===== MATERIAL PROVIDED =====
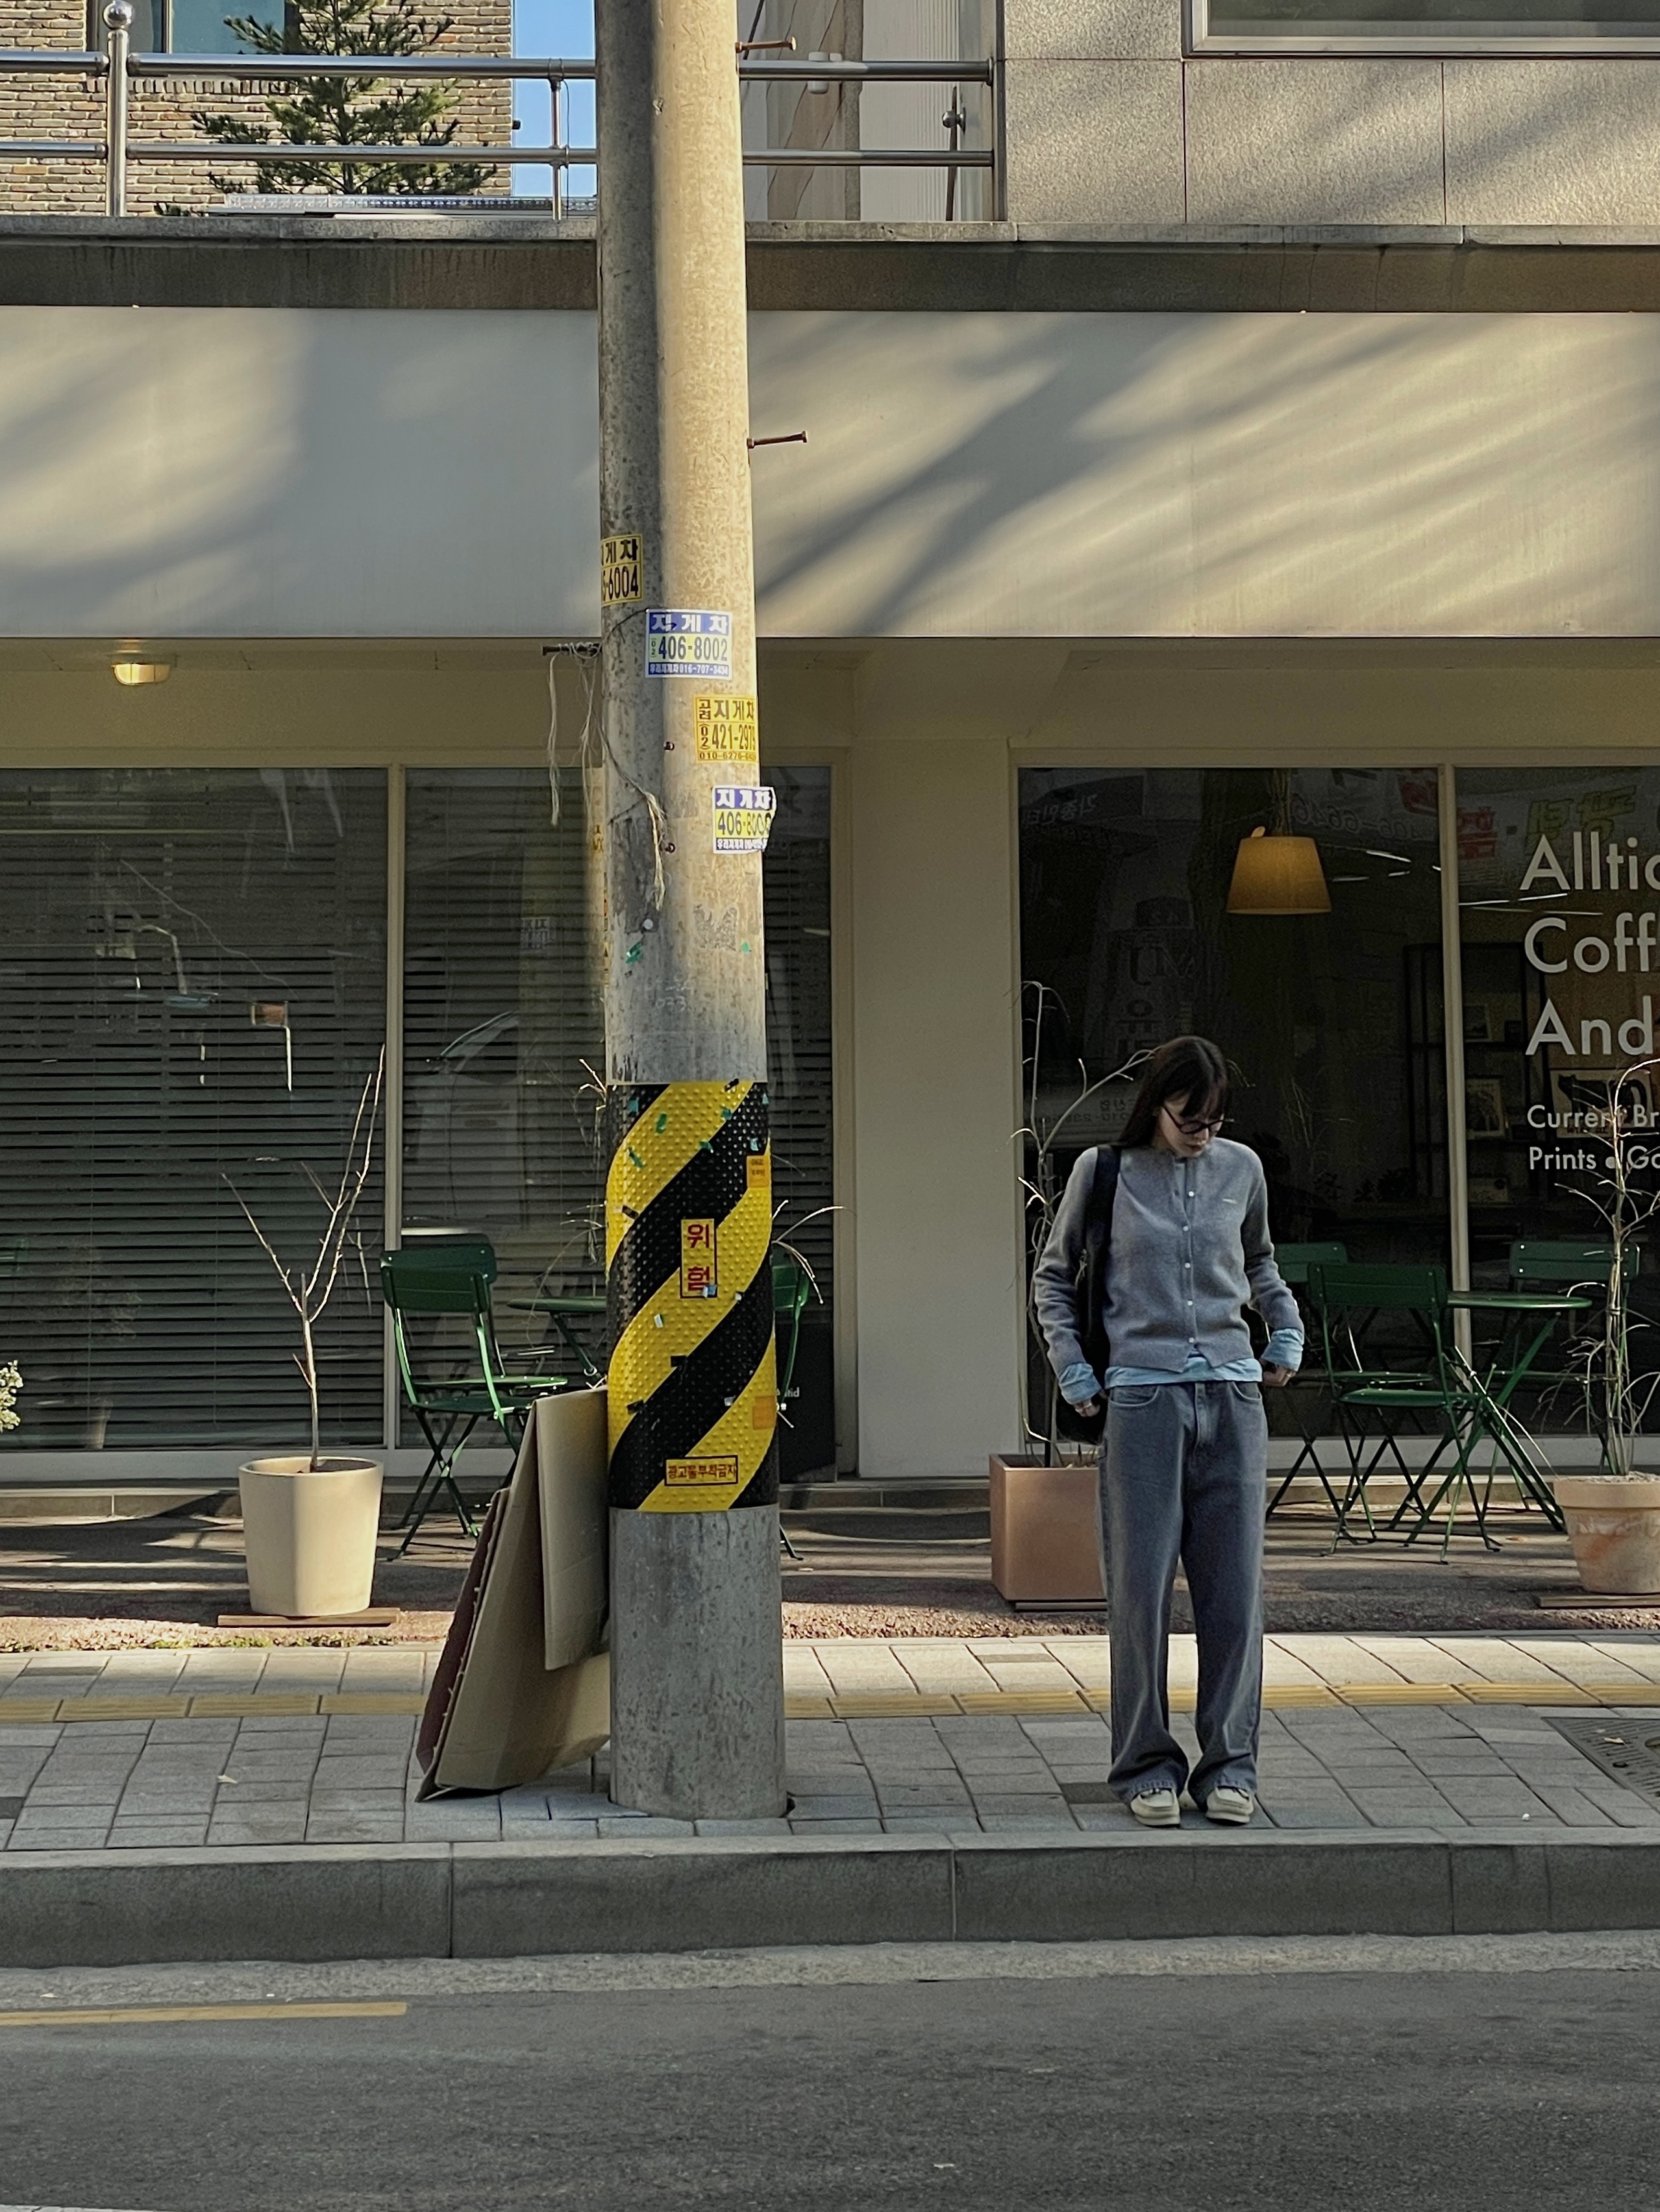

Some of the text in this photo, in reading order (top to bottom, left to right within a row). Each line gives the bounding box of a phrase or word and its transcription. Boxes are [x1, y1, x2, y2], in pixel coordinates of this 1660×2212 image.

[658, 635, 728, 661] 406-8002
[1525, 996, 1653, 1055] And
[1530, 1146, 1596, 1170] Prints
[687, 1224, 710, 1292] 위험
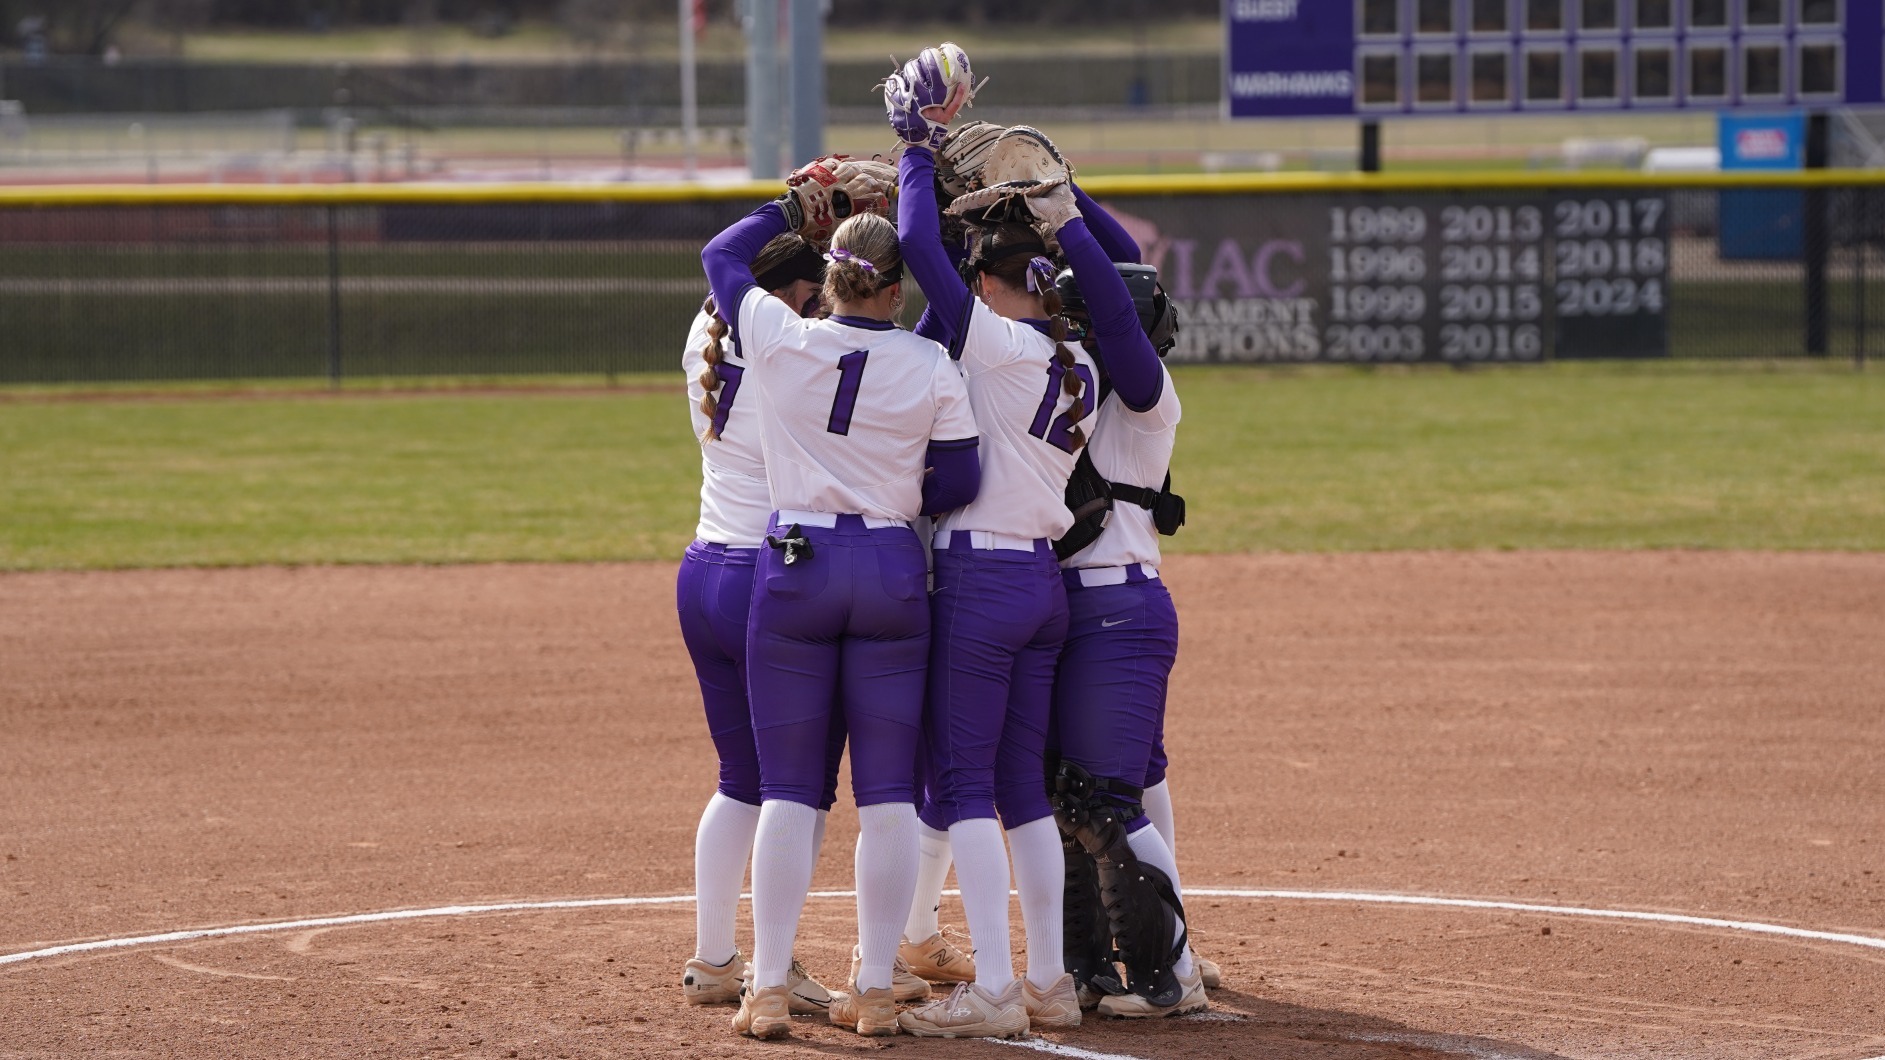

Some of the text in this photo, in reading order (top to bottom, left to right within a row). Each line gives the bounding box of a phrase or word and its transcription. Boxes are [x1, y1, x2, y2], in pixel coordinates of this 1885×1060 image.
=====
Excluding the pictures, transcribe each entry above word for word.

Some of the text in this photo, in reading order (top to bottom, left to right within a row). Each line gives the bounding box of a phrase or word and its transcription. Boxes are [x1, y1, x2, y2], in pixel coordinates of this 1660×2212 image.

[658, 635, 728, 661] 406-8002
[1525, 996, 1653, 1055] And
[1530, 1146, 1596, 1170] Prints
[687, 1224, 710, 1292] 위험

Some of the text in this photo, in reading order (top to bottom, left to right within a row). Each line gives the bounding box of a phrase or word and its transcription. Boxes are [x1, y1, x2, y2], in pixel coordinates of this 1885×1060 image.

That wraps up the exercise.